# TRY IT:
Images don't belong in the copy. Output the rest of the data exactly.

++++++++

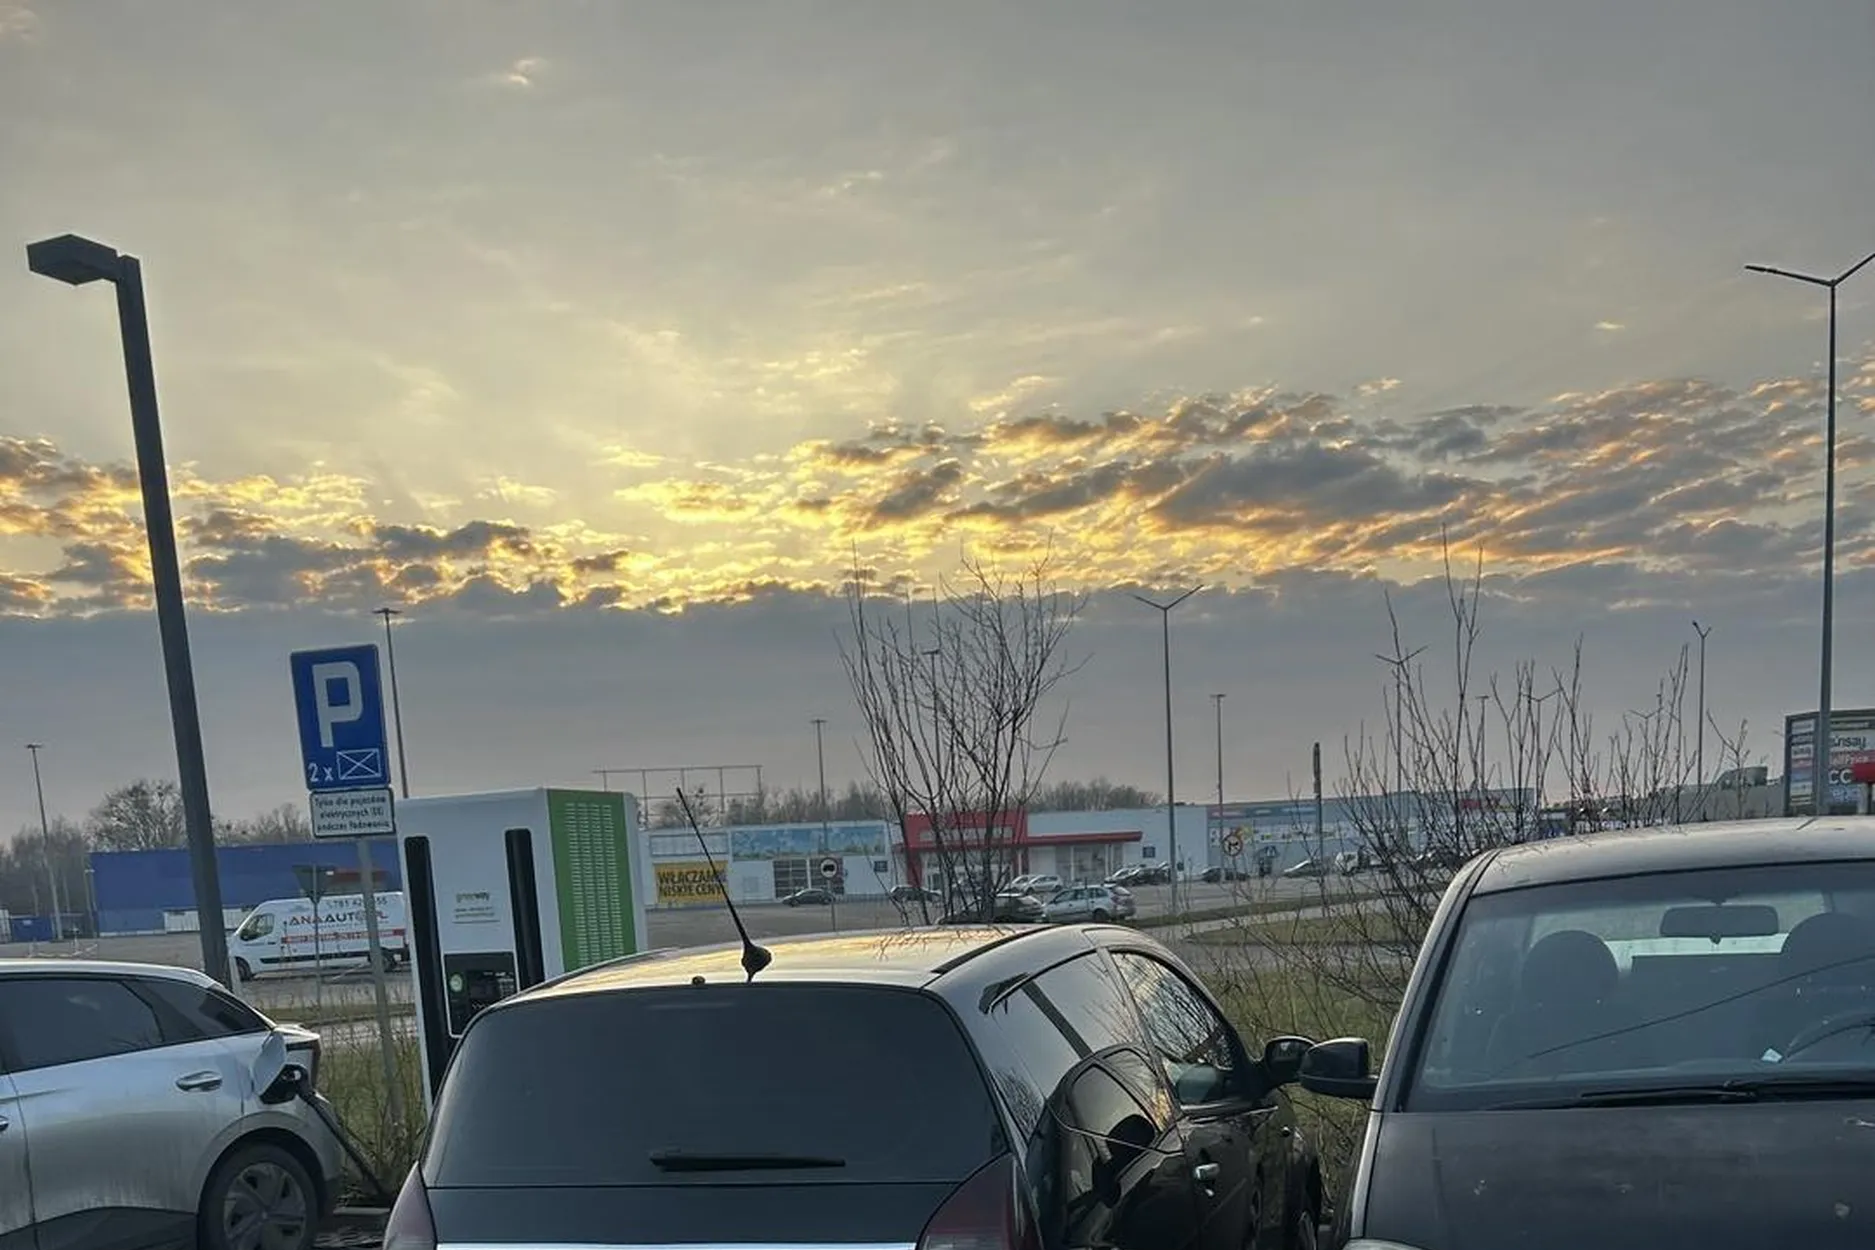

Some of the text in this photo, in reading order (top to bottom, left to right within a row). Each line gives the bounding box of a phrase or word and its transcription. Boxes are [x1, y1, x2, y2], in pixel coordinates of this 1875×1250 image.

[311, 661, 364, 749] P
[308, 763, 335, 783] 2 x
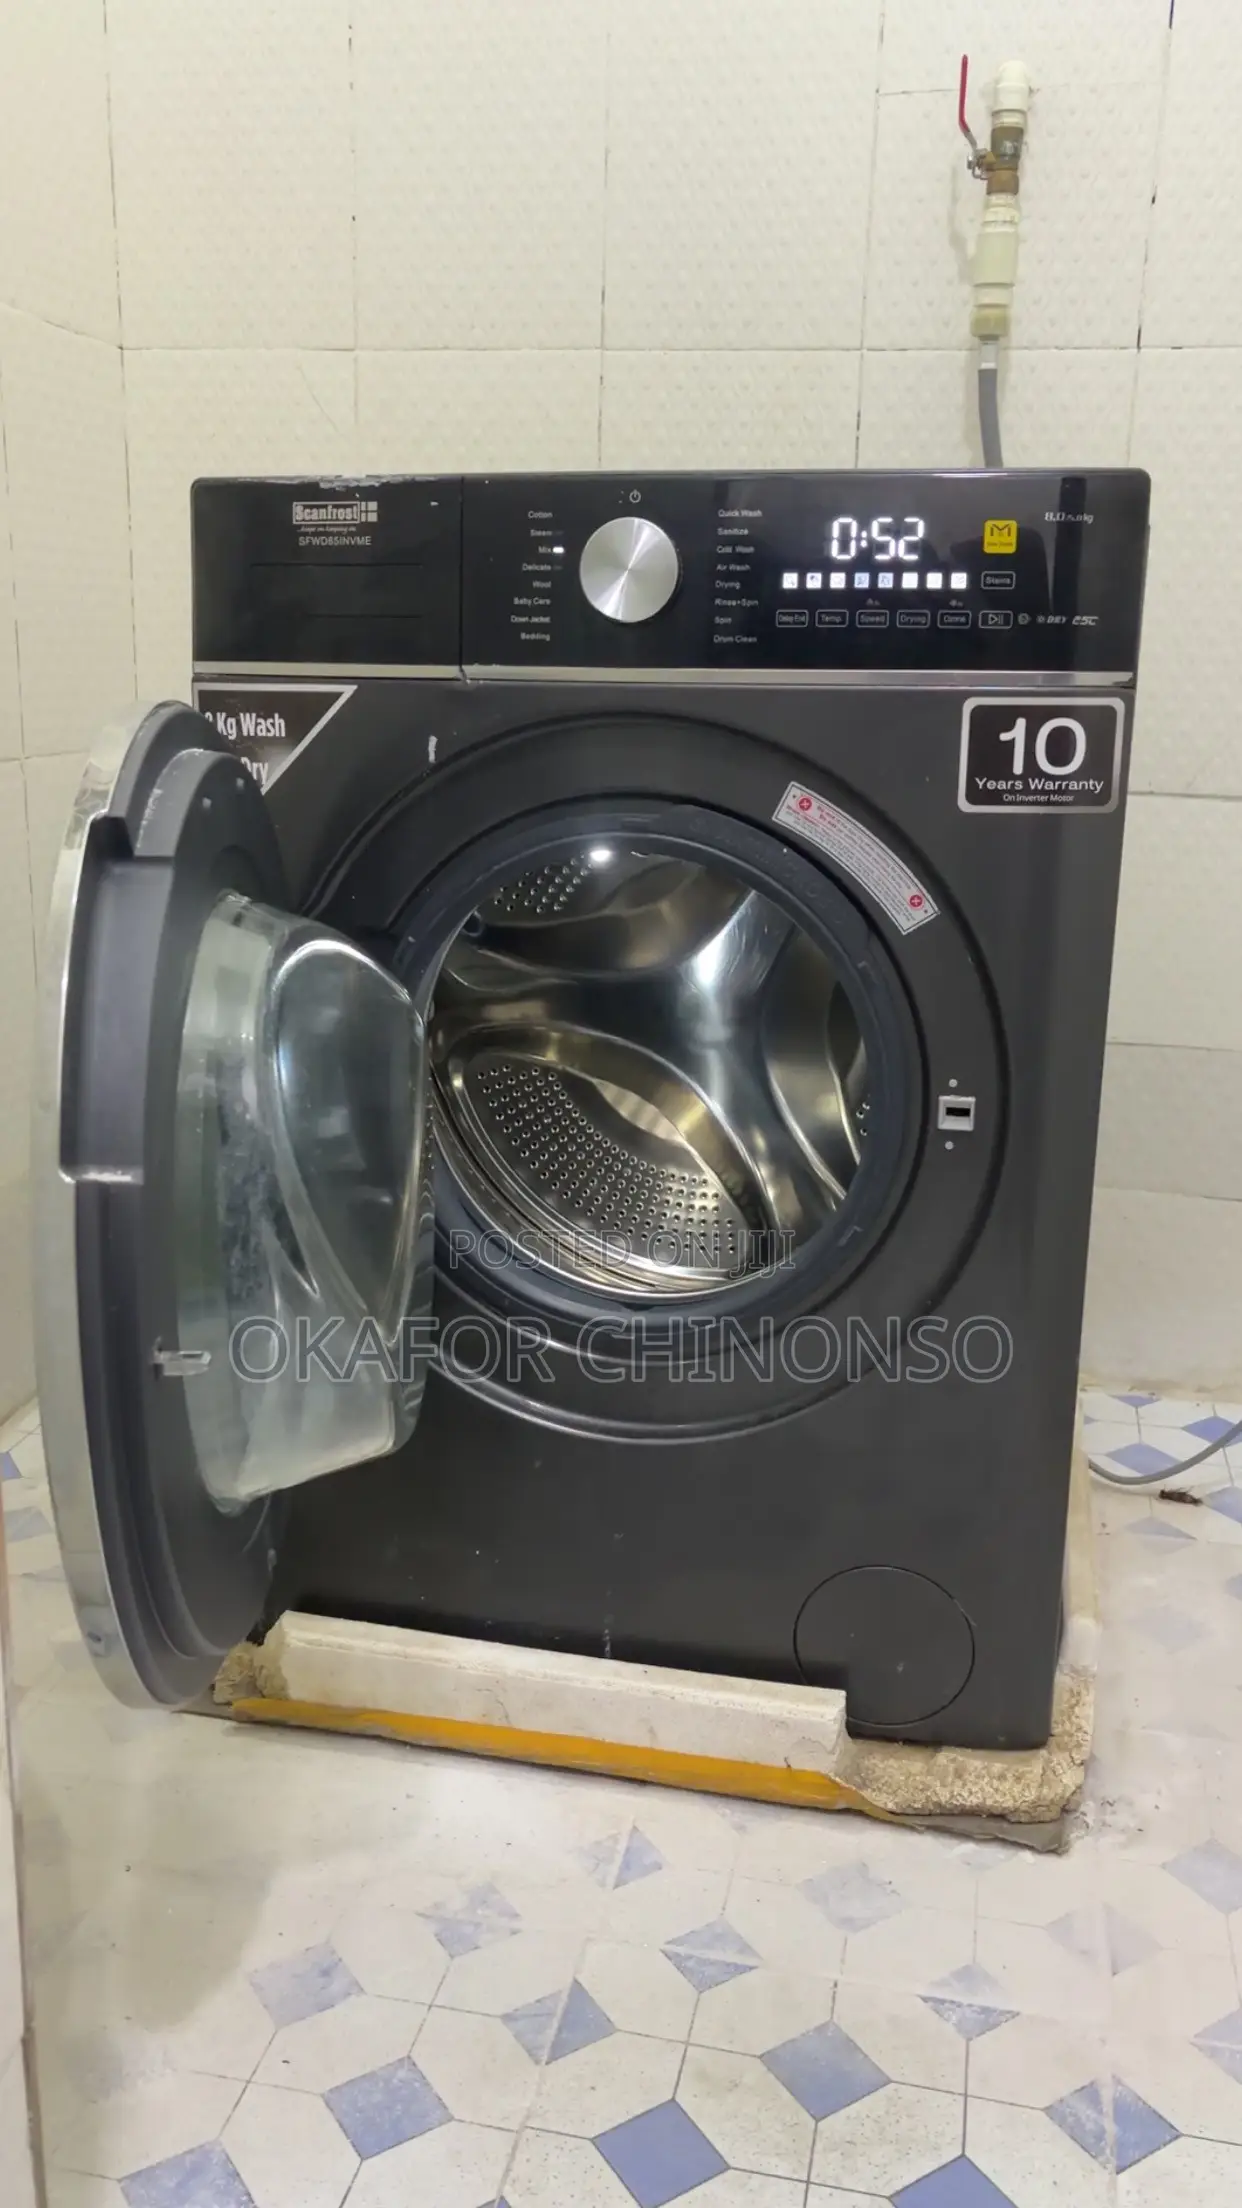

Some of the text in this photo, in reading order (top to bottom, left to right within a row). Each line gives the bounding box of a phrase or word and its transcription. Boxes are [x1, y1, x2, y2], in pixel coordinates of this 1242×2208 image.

[294, 504, 358, 520] Scanfrost
[527, 510, 553, 519] Cotton
[717, 508, 762, 518] Quick Wash
[831, 516, 925, 561] 0:52
[521, 562, 552, 571] Delicate
[728, 563, 751, 571] Wash
[532, 580, 552, 588] Wool
[714, 580, 741, 590] Drying
[513, 596, 551, 608] Baby Care
[714, 616, 732, 625] Spin
[520, 631, 551, 642] Bedding
[713, 634, 734, 643] Drum
[216, 711, 286, 740] Kg Wash
[999, 716, 1087, 776] 10
[975, 777, 1104, 794] Years Warranty
[1003, 793, 1075, 803] On Inverter Motor

++++++++

# WRITTEN RESPONSE:
Some of the text in this photo, in reading order (top to bottom, left to right within a row). Each line gives the bounding box of a phrase or word and its transcription. Boxes are [x1, y1, x2, y2], in pixel coordinates of this 1875×1250 image.

[311, 661, 364, 749] P
[308, 763, 335, 783] 2 x

Some of the text in this photo, in reading order (top to bottom, left to right within a row). Each line gives the bounding box of a phrase or word and its transcription. Boxes are [x1, y1, x2, y2], in pixel coordinates of this 1242×2208 image.

[294, 504, 358, 520] Scanfrost
[527, 510, 553, 519] Cotton
[717, 508, 762, 518] Quick Wash
[831, 516, 925, 561] 0:52
[521, 562, 552, 571] Delicate
[728, 563, 751, 571] Wash
[532, 580, 552, 588] Wool
[714, 580, 741, 590] Drying
[513, 596, 551, 608] Baby Care
[714, 616, 732, 625] Spin
[520, 631, 551, 642] Bedding
[713, 634, 734, 643] Drum
[216, 711, 286, 740] Kg Wash
[999, 716, 1087, 776] 10
[975, 777, 1104, 794] Years Warranty
[1003, 793, 1075, 803] On Inverter Motor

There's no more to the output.